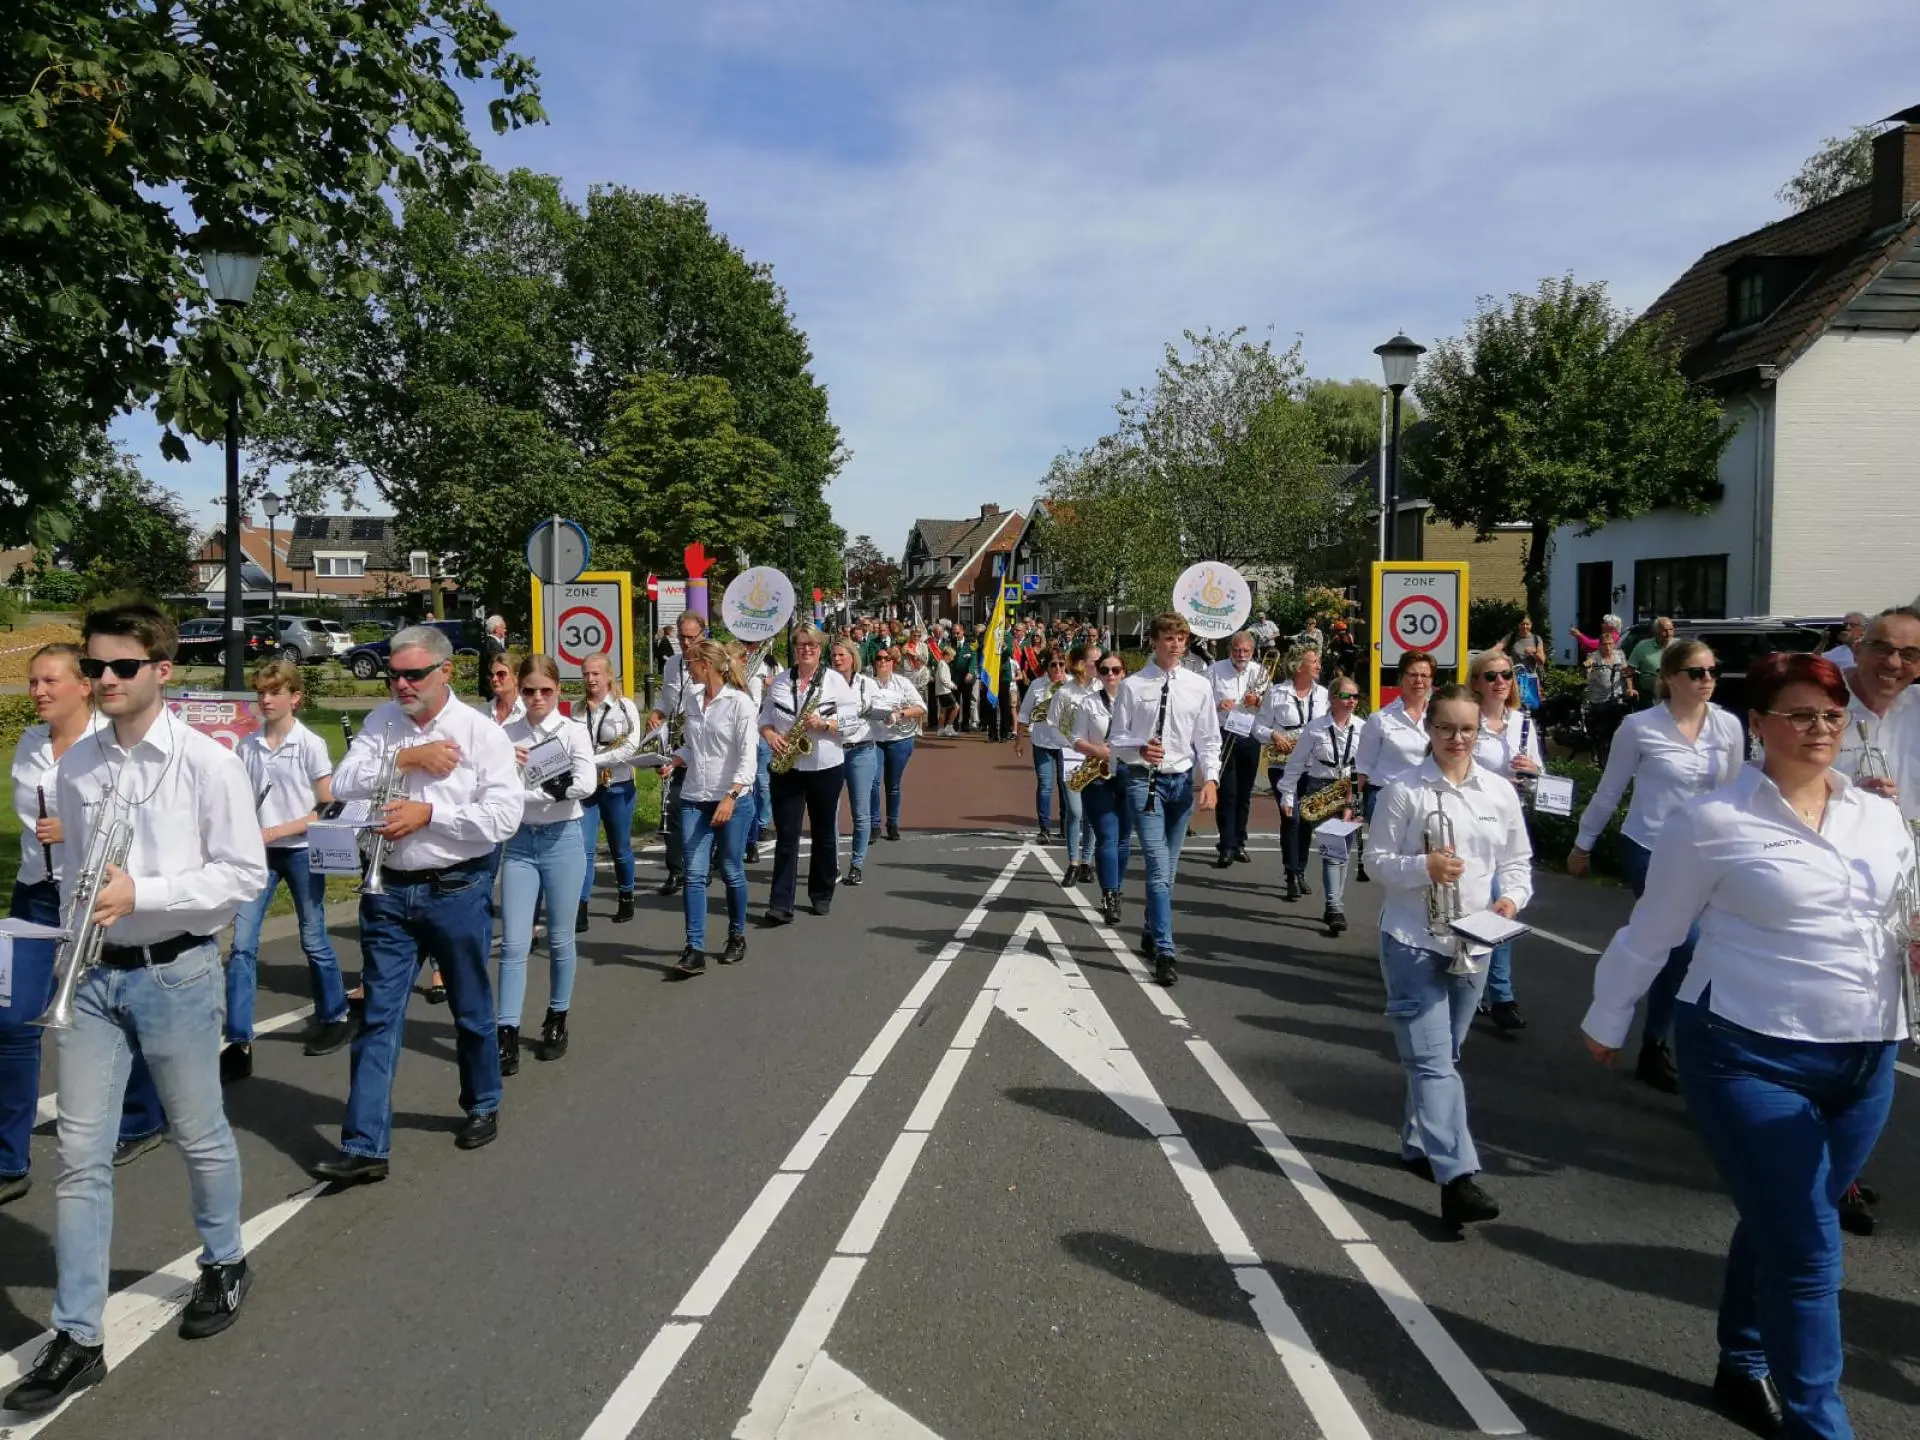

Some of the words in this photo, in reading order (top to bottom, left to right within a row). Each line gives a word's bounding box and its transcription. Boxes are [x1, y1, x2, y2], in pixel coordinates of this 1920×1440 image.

[1403, 577, 1436, 586] ZONE
[565, 588, 598, 597] ZONE
[732, 620, 774, 632] AMICITIA
[1189, 617, 1233, 631] AMICITIA
[1402, 614, 1437, 635] 30
[565, 626, 601, 647] 30
[1763, 839, 1802, 850] AMICITIA

──────

*About this exercise*:
Output each line exactly as shown above; no pictures go in the copy.

*Output for this task*:
Some of the words in this photo, in reading order (top to bottom, left to right within a row). Each line gives a word's bounding box and its transcription. Boxes are [x1, y1, x2, y2], in pixel coordinates of this 1920×1440 image.

[1403, 577, 1436, 586] ZONE
[565, 588, 598, 597] ZONE
[732, 620, 774, 632] AMICITIA
[1189, 617, 1233, 631] AMICITIA
[1402, 614, 1437, 635] 30
[565, 626, 601, 647] 30
[1763, 839, 1802, 850] AMICITIA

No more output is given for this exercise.